Start of Data to use

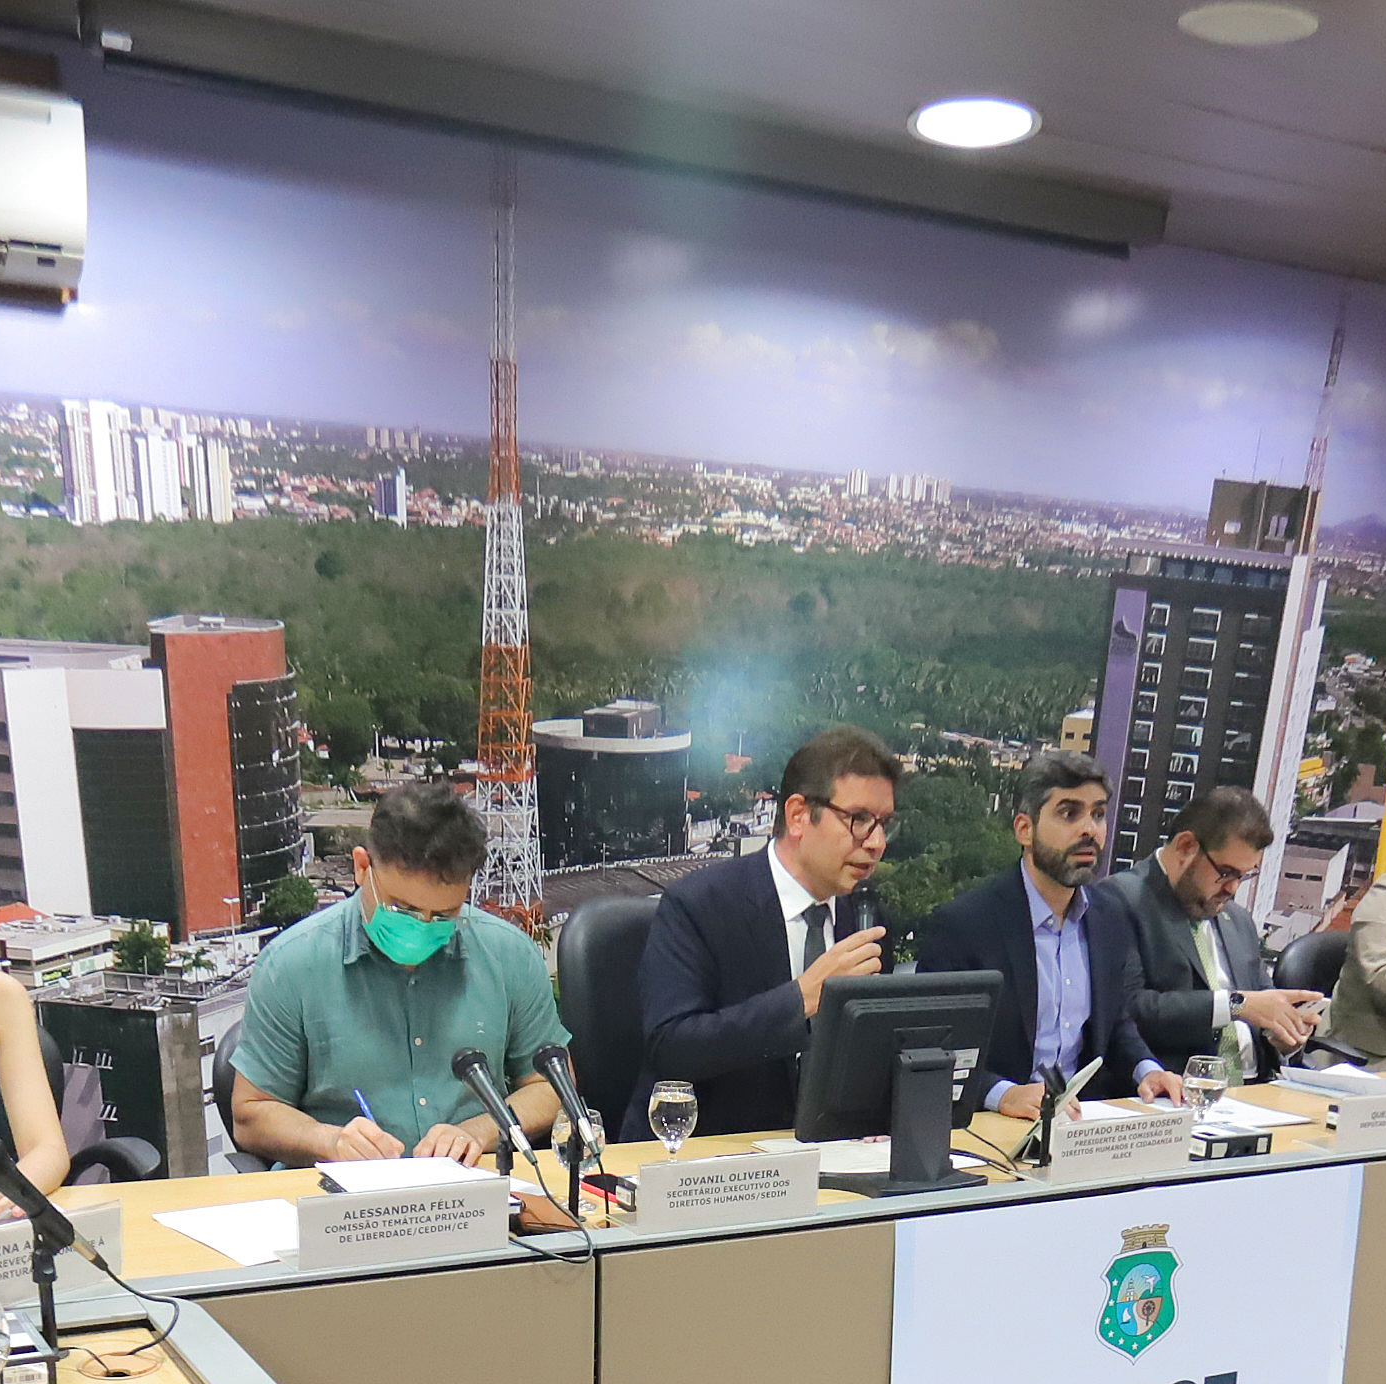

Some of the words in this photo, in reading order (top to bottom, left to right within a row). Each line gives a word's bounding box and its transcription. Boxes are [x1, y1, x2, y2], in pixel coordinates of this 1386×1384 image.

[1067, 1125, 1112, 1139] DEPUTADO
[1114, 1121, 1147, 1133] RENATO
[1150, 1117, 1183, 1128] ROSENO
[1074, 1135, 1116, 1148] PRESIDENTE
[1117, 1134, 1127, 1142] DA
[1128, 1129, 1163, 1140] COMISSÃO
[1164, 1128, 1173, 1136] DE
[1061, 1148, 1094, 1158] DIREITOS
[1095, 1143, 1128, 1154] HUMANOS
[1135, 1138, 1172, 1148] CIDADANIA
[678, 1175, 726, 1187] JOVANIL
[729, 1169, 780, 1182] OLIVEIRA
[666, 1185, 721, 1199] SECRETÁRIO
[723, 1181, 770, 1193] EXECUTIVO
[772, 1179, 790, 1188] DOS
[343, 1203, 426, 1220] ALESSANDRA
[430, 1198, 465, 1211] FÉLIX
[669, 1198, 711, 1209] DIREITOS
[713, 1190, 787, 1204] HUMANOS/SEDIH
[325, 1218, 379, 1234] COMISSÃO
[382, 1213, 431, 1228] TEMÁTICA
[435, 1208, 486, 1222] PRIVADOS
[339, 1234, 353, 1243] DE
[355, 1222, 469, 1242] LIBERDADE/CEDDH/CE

End of Data to use

### Task prompt
Copy each line of the records above exactly as written. Do not carry over any picture.

### Reply
Some of the words in this photo, in reading order (top to bottom, left to right within a row). Each line gives a word's bounding box and its transcription. Boxes are [x1, y1, x2, y2], in pixel coordinates of this 1386×1384 image.

[1067, 1125, 1112, 1139] DEPUTADO
[1114, 1121, 1147, 1133] RENATO
[1150, 1117, 1183, 1128] ROSENO
[1074, 1135, 1116, 1148] PRESIDENTE
[1117, 1134, 1127, 1142] DA
[1128, 1129, 1163, 1140] COMISSÃO
[1164, 1128, 1173, 1136] DE
[1061, 1148, 1094, 1158] DIREITOS
[1095, 1143, 1128, 1154] HUMANOS
[1135, 1138, 1172, 1148] CIDADANIA
[678, 1175, 726, 1187] JOVANIL
[729, 1169, 780, 1182] OLIVEIRA
[666, 1185, 721, 1199] SECRETÁRIO
[723, 1181, 770, 1193] EXECUTIVO
[772, 1179, 790, 1188] DOS
[343, 1203, 426, 1220] ALESSANDRA
[430, 1198, 465, 1211] FÉLIX
[669, 1198, 711, 1209] DIREITOS
[713, 1190, 787, 1204] HUMANOS/SEDIH
[325, 1218, 379, 1234] COMISSÃO
[382, 1213, 431, 1228] TEMÁTICA
[435, 1208, 486, 1222] PRIVADOS
[339, 1234, 353, 1243] DE
[355, 1222, 469, 1242] LIBERDADE/CEDDH/CE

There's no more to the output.